Such information may beneficially cause a legacy device to delay transmission and
thereby avoid spectral conflict with an HT device. However, the legacy device may
fail to completely interpret a packet received from the HT device. Such failure may
detrimentally cause the legacy device to perform a longer back-off than that of HT
devices, resulting in a fundamental unfairness in legacy device access to available
bandwidth.
US 2002/0184389A1 relates to interference suppression methods for 802.11 wherein a second source station
on a wireless local area network, that does not practice the enhanced 802.11 e standard,
is prevented from starting transmission on a medium whilst a first source station
is transmitting on that medium.
Brief Description of the Drawings
[0004] FIG. 1 comprises a timing diagram according to various embodiments of the invention.

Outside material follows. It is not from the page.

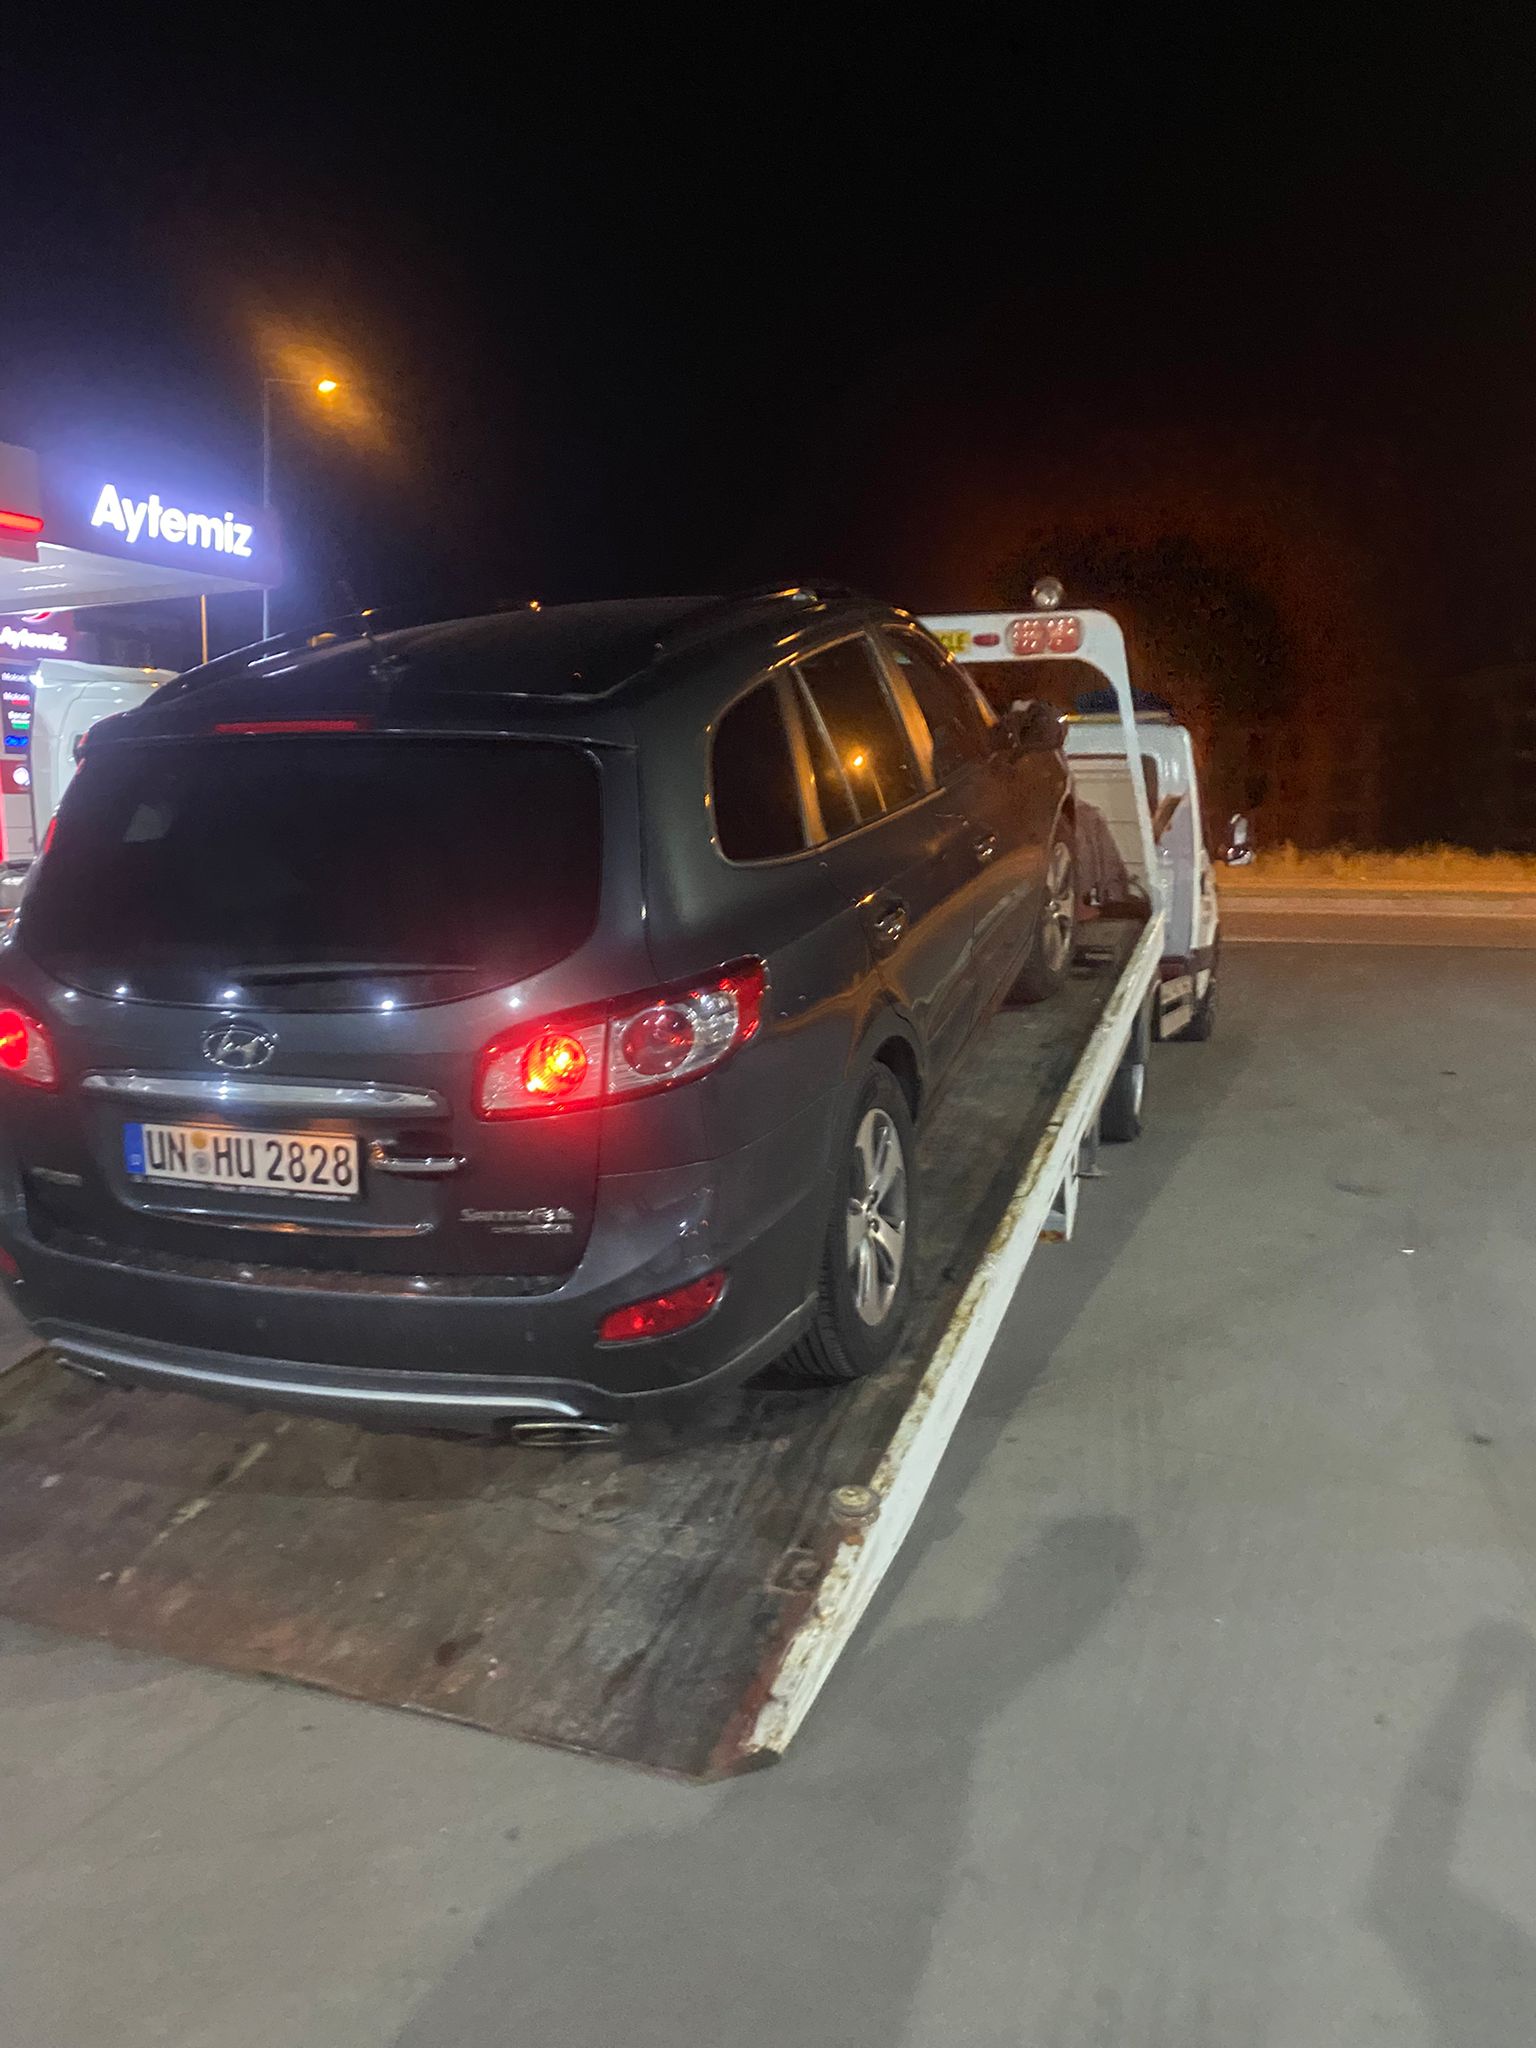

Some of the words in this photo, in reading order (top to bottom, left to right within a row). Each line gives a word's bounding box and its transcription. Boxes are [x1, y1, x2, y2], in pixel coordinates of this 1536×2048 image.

[0005] FIG. 2 is a block diagram of an apparatus and a system according to various embodiments
of the invention.
[0006] FIG. 3 is a flow diagram illustrating several methods according to various embodiments
of the invention.
[0007] FIG. 4 is a block diagram of an article according to various embodiments of the invention.
Detailed Description
[0008] Various embodiments disclosed herein address a fundamental unfairness that may occur
in mixed-generation wireless networks during physical layer convergence procedure
header spoofing operations. "Physical layer convergence procedure header spoofing
operations" may include setting a duration value in a header portion of an HT wireless
packet to a value the same as or different from an actual duration of the HT packet,
to protect one or more HT packets from radio frequency interference by the legacy
device. "Mixed-generation wireless networks" may include legacy Institute of Electrical
and Electronics Engineers (IEEE) 802.11 systems and (for example) IEEE 802.11TGn systems,
known to those skilled in the art, and sometimes referred to as "high-throughput"
networks.
[0009] Physical layer convergence procedure header spoofing may begin when a legacy device
receives an HT packet with a physical layer convergence procedure header intelligible
to the legacy device. The legacy device may read a rate and a length from the header,
calculate a packet duration, and perform a cyclical redundancy code integrity check
on the received packet upon expiration of the calculated packet duration. Although
the integrity check may fail, the spoofing operation may provide a mode whereby legacy
devices delay transmitting upon receipt of the HT packets and thus avoid interfering
with such packets. For more information regarding IEEE 802.11 standards, please refer
to "IEEE Standards for Information Technology -- Telecommunications and Information
Exchange between Systems -- Local and Metropolitan Area Network -- Specific Requirements
-- Part 11: Wireless LAN Medium Access Control (MAC) and Physical Layer (PHY), ISO/IEC
8802-11: 1999" and related amendments.
[0010] FIG. 1 comprises timing diagrams according to various embodiments of the invention.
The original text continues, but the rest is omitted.